━━━ MATERIAL FOR THIS TASK ━━━
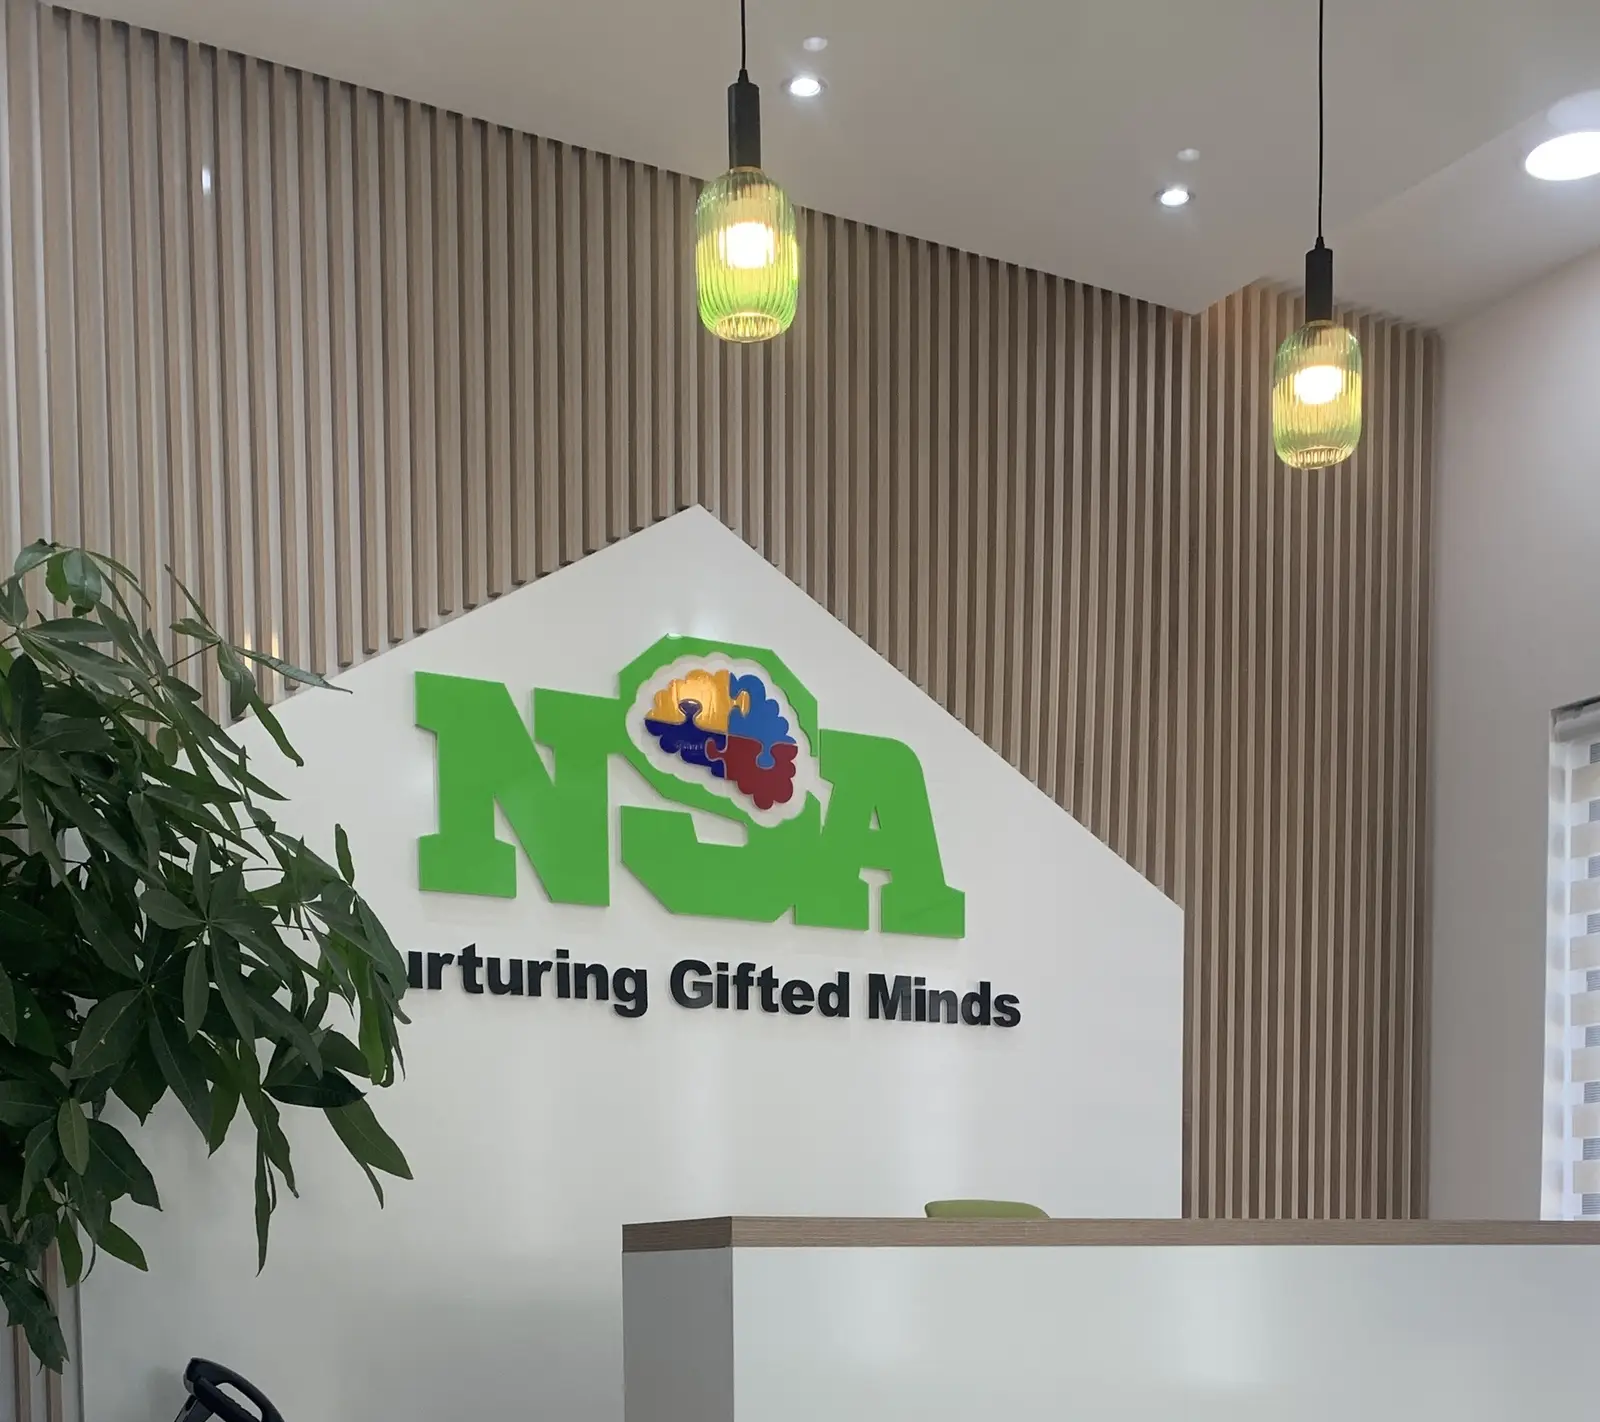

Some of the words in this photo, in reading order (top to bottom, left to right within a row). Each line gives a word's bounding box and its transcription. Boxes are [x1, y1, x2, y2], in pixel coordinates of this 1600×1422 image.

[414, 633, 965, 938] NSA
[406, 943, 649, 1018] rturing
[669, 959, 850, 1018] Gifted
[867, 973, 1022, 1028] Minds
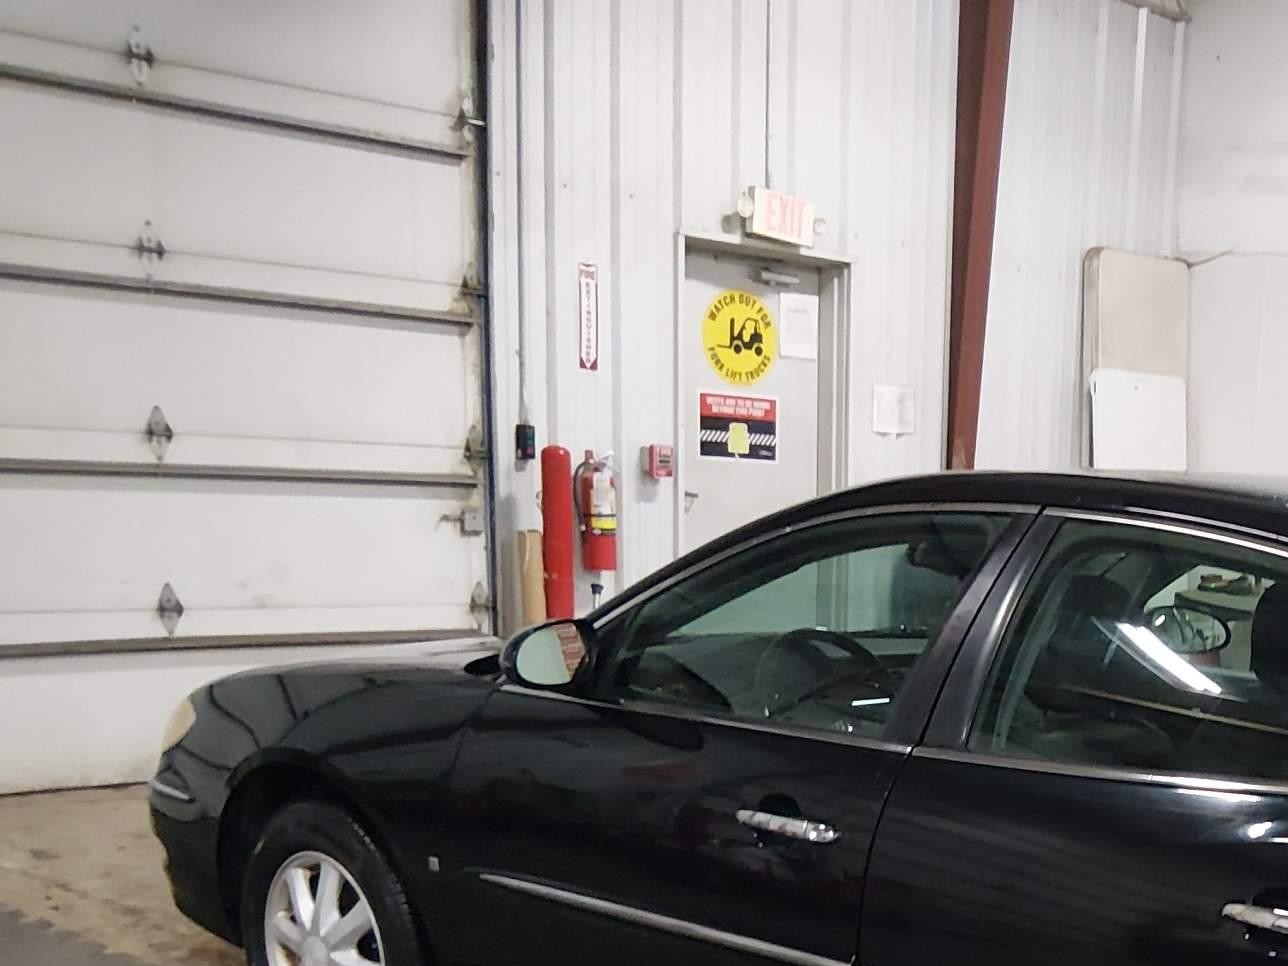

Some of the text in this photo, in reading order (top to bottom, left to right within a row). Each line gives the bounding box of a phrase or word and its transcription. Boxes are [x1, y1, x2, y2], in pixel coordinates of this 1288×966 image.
━━━
**TASK BRIEF:** An exact transcription of the records above is needed, with no pictures included.

**SOLUTION TO THIS PROBLEM:**
Some of the words in this photo, in reading order (top to bottom, left to right within a row). Each line gives a word's bounding box and its transcription. Boxes are [x1, y1, x2, y2], in pixel coordinates of this 1600×1422 image.

[414, 633, 965, 938] NSA
[406, 943, 649, 1018] rturing
[669, 959, 850, 1018] Gifted
[867, 973, 1022, 1028] Minds

Some of the text in this photo, in reading order (top to bottom, left to right within a row). Each line gives the bounding box of a phrase or word and its transcription. Boxes are [x1, y1, x2, y2], in pixel coordinates of this 1288×966 image.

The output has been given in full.